What you will do
Word for word, and without a single picture, repeat the entries.

Material supplied

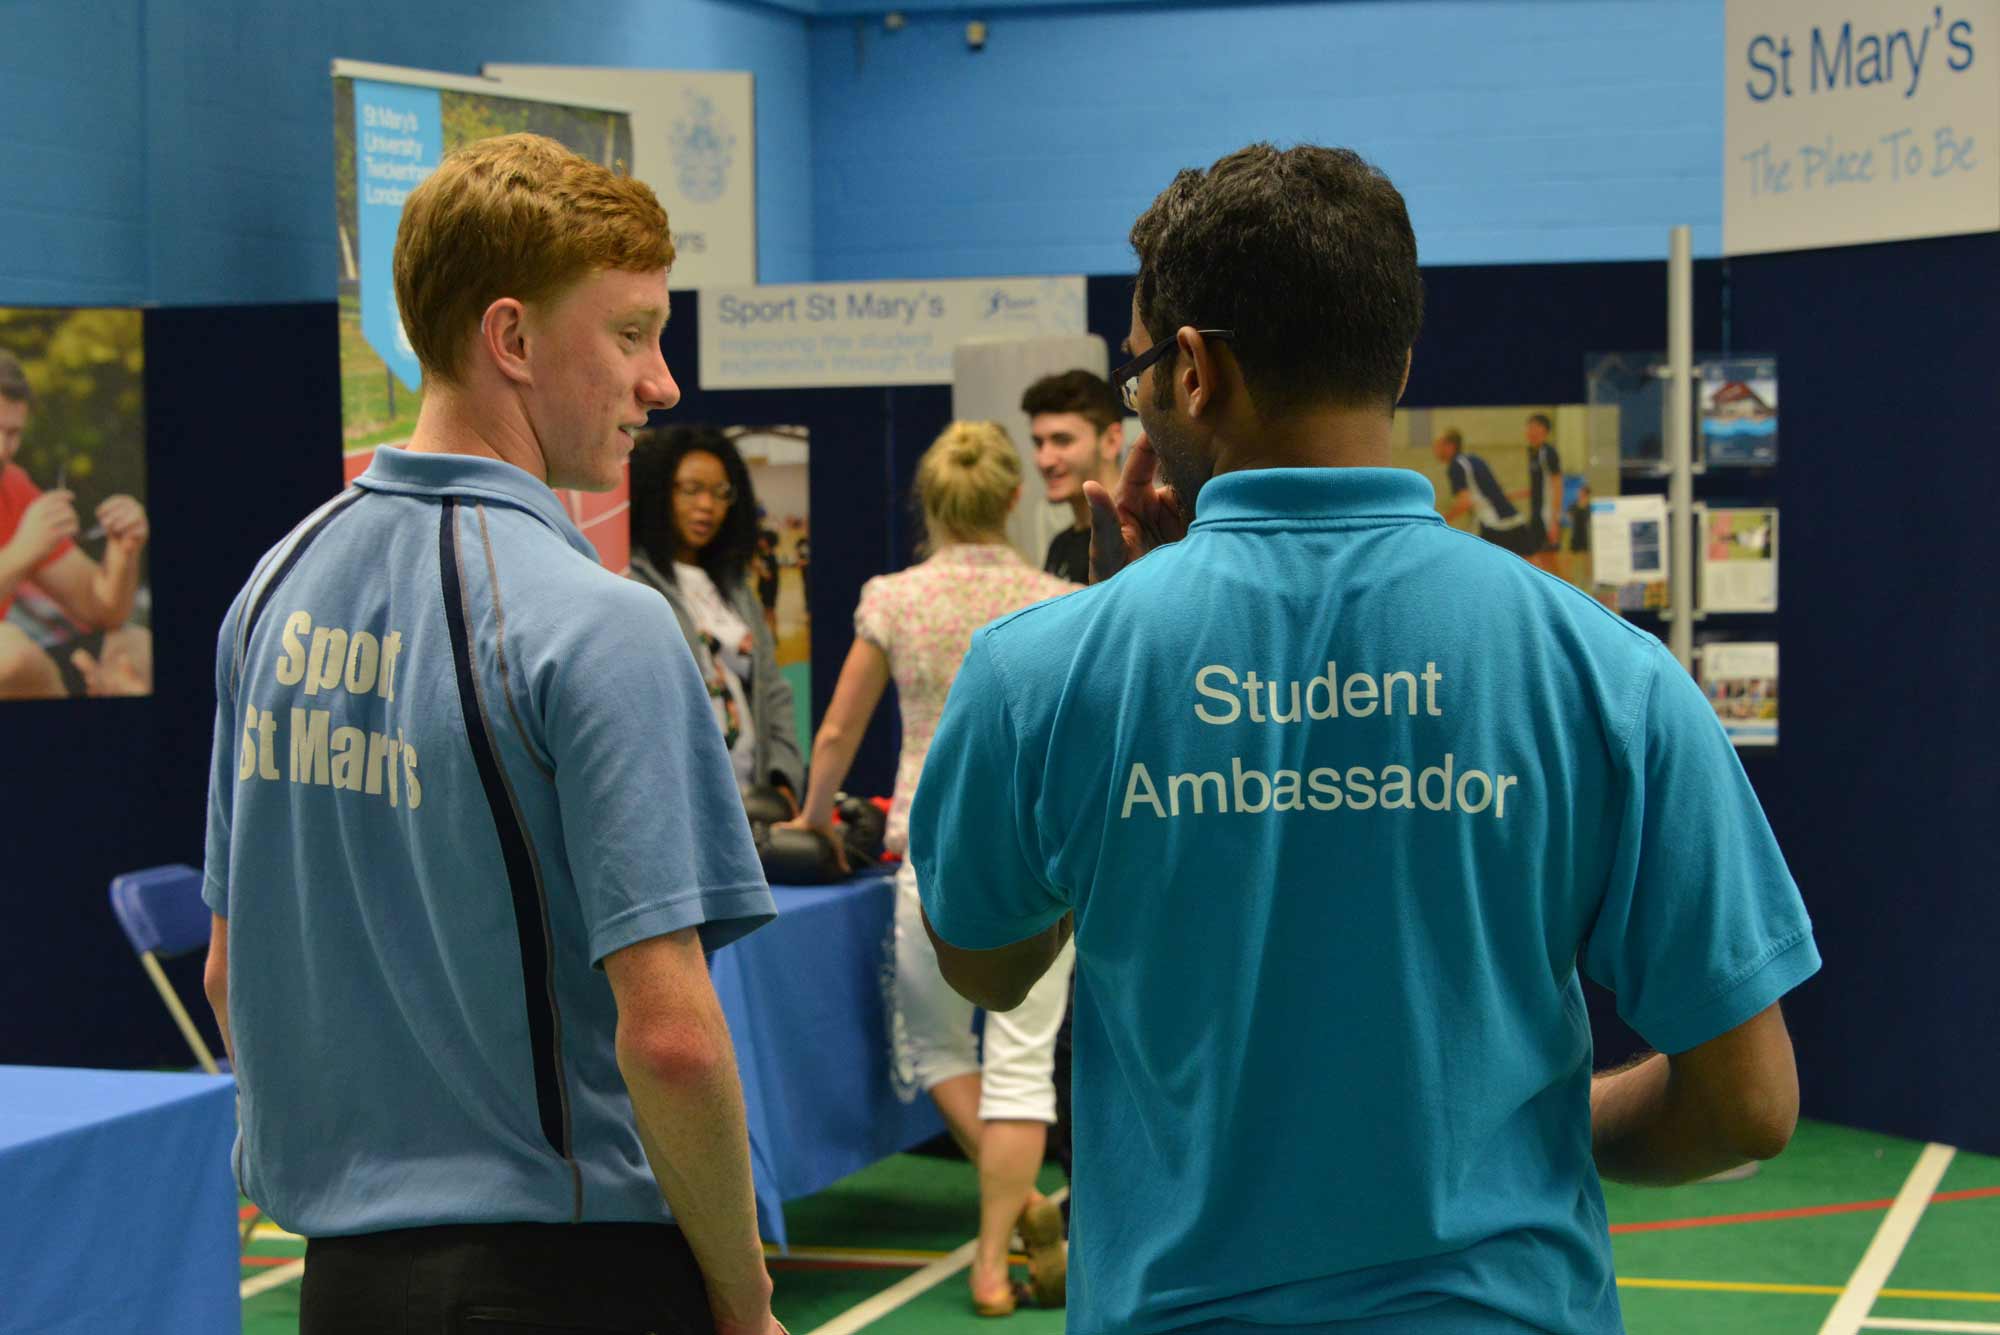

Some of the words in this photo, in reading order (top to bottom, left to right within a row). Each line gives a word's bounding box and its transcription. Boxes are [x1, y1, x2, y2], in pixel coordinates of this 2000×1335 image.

[1745, 34, 1794, 102] St
[1809, 5, 1976, 99] Mary's
[1742, 142, 1793, 195] The
[1797, 130, 1874, 189] Place
[1878, 126, 1923, 183] To
[1929, 126, 1982, 178] Be
[719, 293, 798, 329] Sport
[806, 292, 838, 321] St
[846, 287, 948, 325] Mary's
[276, 610, 402, 703] Sport
[1193, 660, 1443, 726] Student
[239, 703, 280, 781] St
[1120, 752, 1519, 819] Ambassador
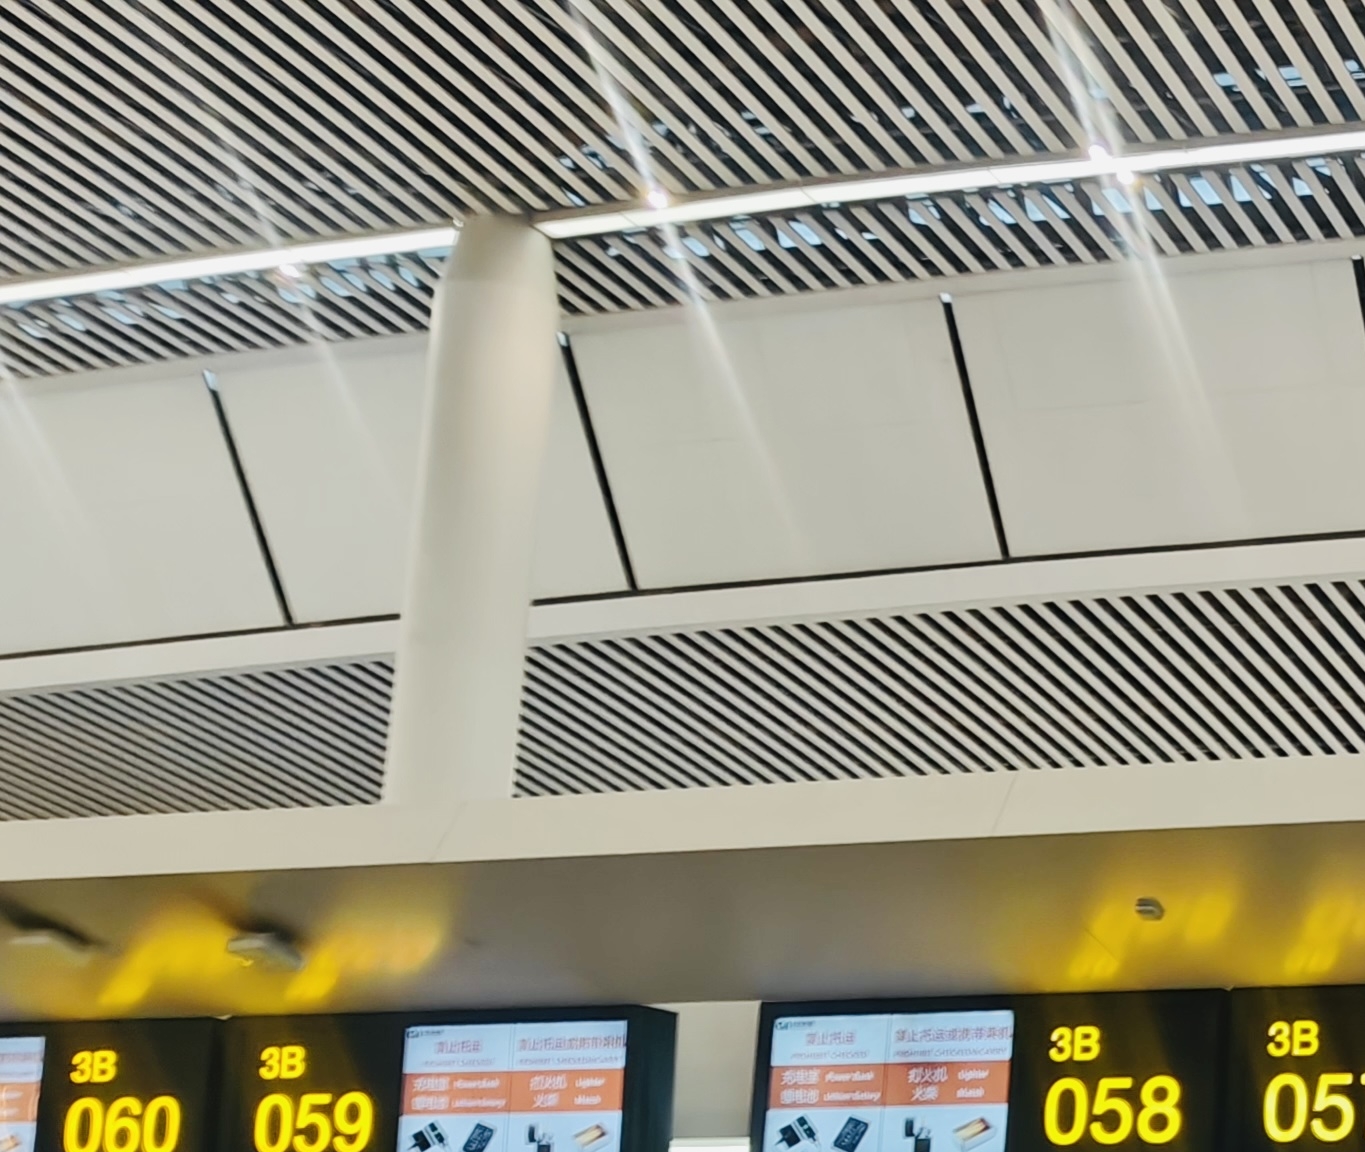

Response below
Some of the words in this photo, in reading order (top to bottom, left to right within a row). Each line gives a word's bounding box and its transcription. Boxes are [x1, y1, x2, y2], in pixel coordinates of this 2000×1335 image.

[1745, 34, 1794, 102] St
[1809, 5, 1976, 99] Mary's
[1742, 142, 1793, 195] The
[1797, 130, 1874, 189] Place
[1878, 126, 1923, 183] To
[1929, 126, 1982, 178] Be
[719, 293, 798, 329] Sport
[806, 292, 838, 321] St
[846, 287, 948, 325] Mary's
[276, 610, 402, 703] Sport
[1193, 660, 1443, 726] Student
[239, 703, 280, 781] St
[1120, 752, 1519, 819] Ambassador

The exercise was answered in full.